East Hampton Town on Tuesday became the first in Suffolk County to require low-nitrogen septic systems be installed in all new buildings.
The town board approved legislation to mandate that the new systems, which emit half the amount of water-polluting nitrogen as standard systems, be required in new houses and commercial developments, and structures that have been significantly expanded starting Jan. 1, 2018.
Town officials also approved offering up to $16,000 in rebates to encourage property owners to replace their existing septic systems.
The mandate and rebates aim to cut down on nitrogen pollution, which causes algal blooms and bacterial contamination in bodies of water, officials said.
“Protecting water quality is our highest priority because our quality of life and economy depend on safe drinking water and pristine surface water,” Supervisor Larry Cantwell said in a statement.
East Hampton’s mandate is stricter than similar efforts in Brookhaven and Southampton Towns, which require that the systems approved by the Suffolk County Department of Health Services be placed in new residences only in environmentally sensitive areas.
Town residents and environmental groups commended East Hampton Town officials for their septic system initiatives during recent public hearings, saying they have become frustrated by the worsening quality of water that has caused some bodies of water to be closed to bathing and shellfishing.
The mandate will “set in place the new norm for development and redevelopment” and “will have a tremendous impact,” said Sara Davison, executive director of the Friends of Georgica Pond Foundation, which seeks to protect the pond’s ecosystem.
But others questioned the impact of the new legislation.
“It adds quite a bit of construction cost,” said contractor Chris Tucci. “A $15,000 septic system on a $300,000 home is a significant update.”
About 6,000 properties that are near bodies of water are eligible for a rebate of 100 percent or up to $16,000. About 13,000 properties outside the Water Protection District are eligible for a rebate of up to $10,000.

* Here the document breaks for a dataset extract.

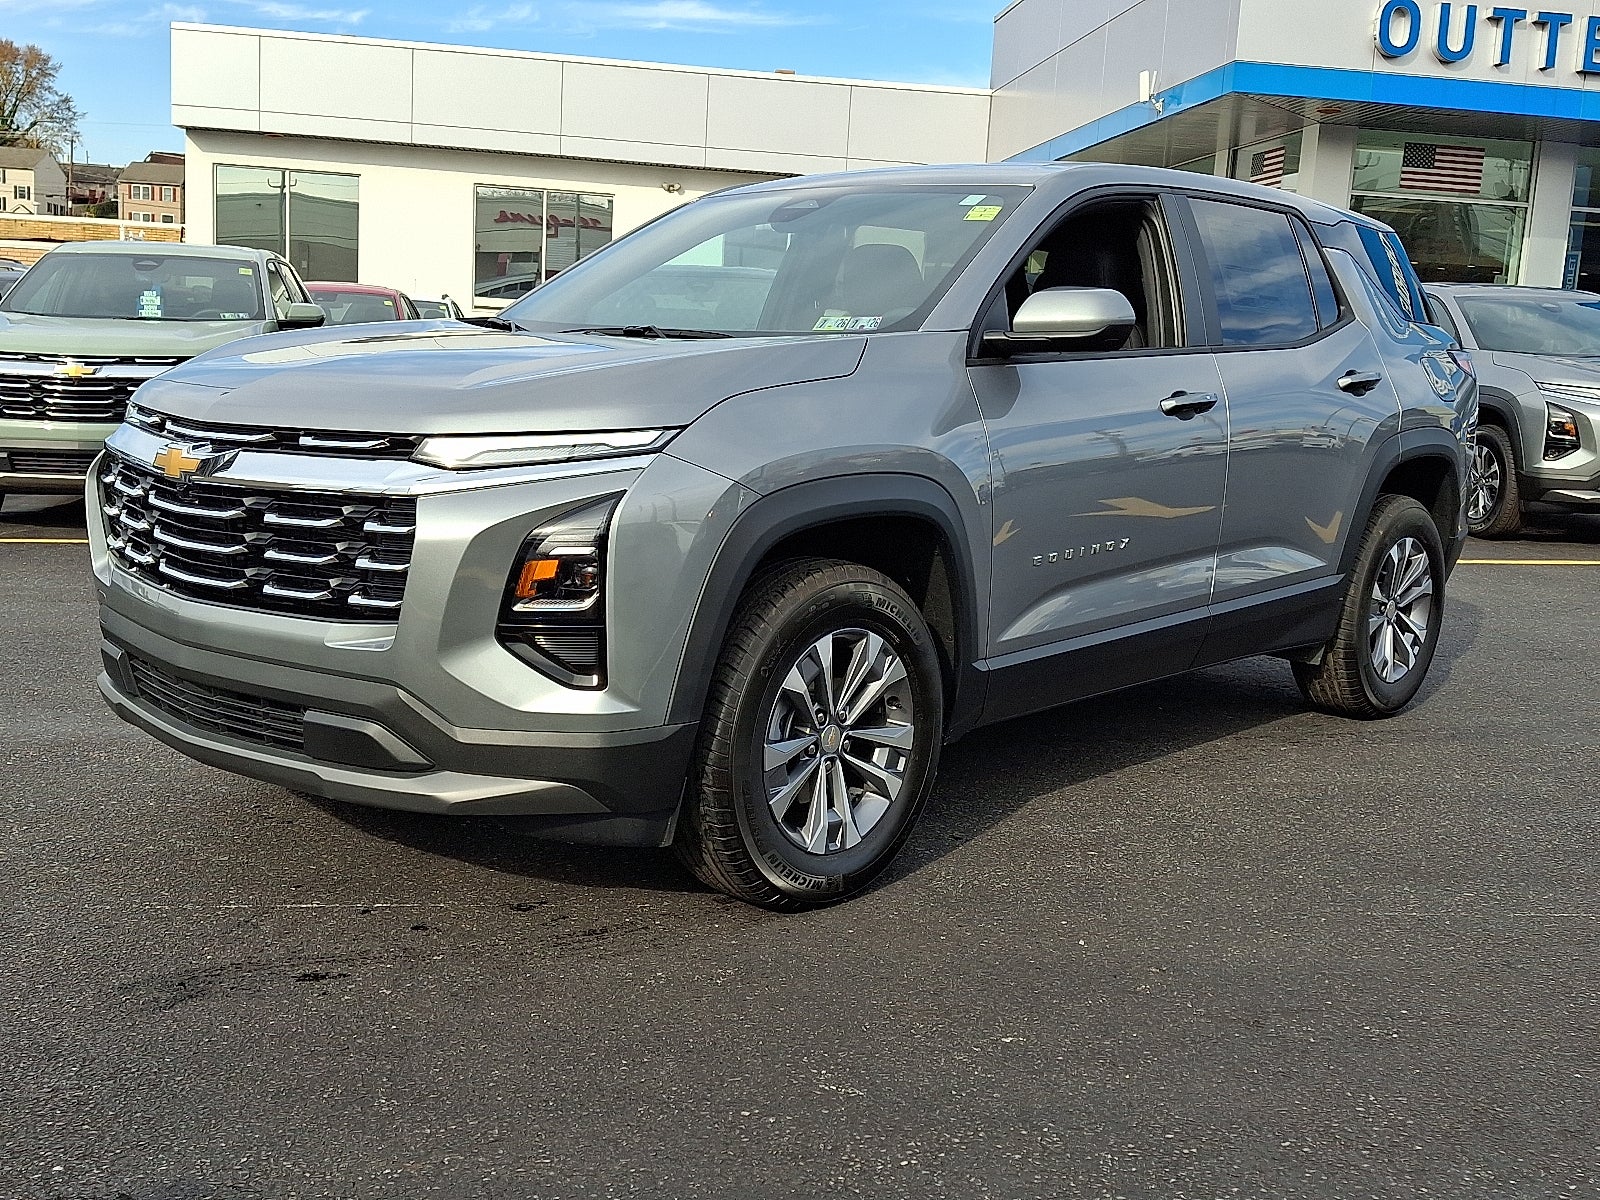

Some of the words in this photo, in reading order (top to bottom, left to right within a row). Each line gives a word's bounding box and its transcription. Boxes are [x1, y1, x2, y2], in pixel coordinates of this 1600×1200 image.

[1032, 538, 1130, 566] EQUINOX
[875, 597, 920, 641] MICHELIN
[766, 853, 825, 890] MICHELIN

The rebate program, which begins Sept. 1, will only be available to residents making less than $500,000 a year.
The rebates will be funded through the Community Preservation Fund, which is expected to receive about $150 million for town water quality improvement projects over the next 30 years. The fund is generated from a 2 percent tax on real estate transfers in the five East End towns of East Hampton, Southampton, Riverhead, Southold and Shelter Island.
Suffolk County also offers up to $11,000 in rebates to homeowners wishing to replace their sanitary systems.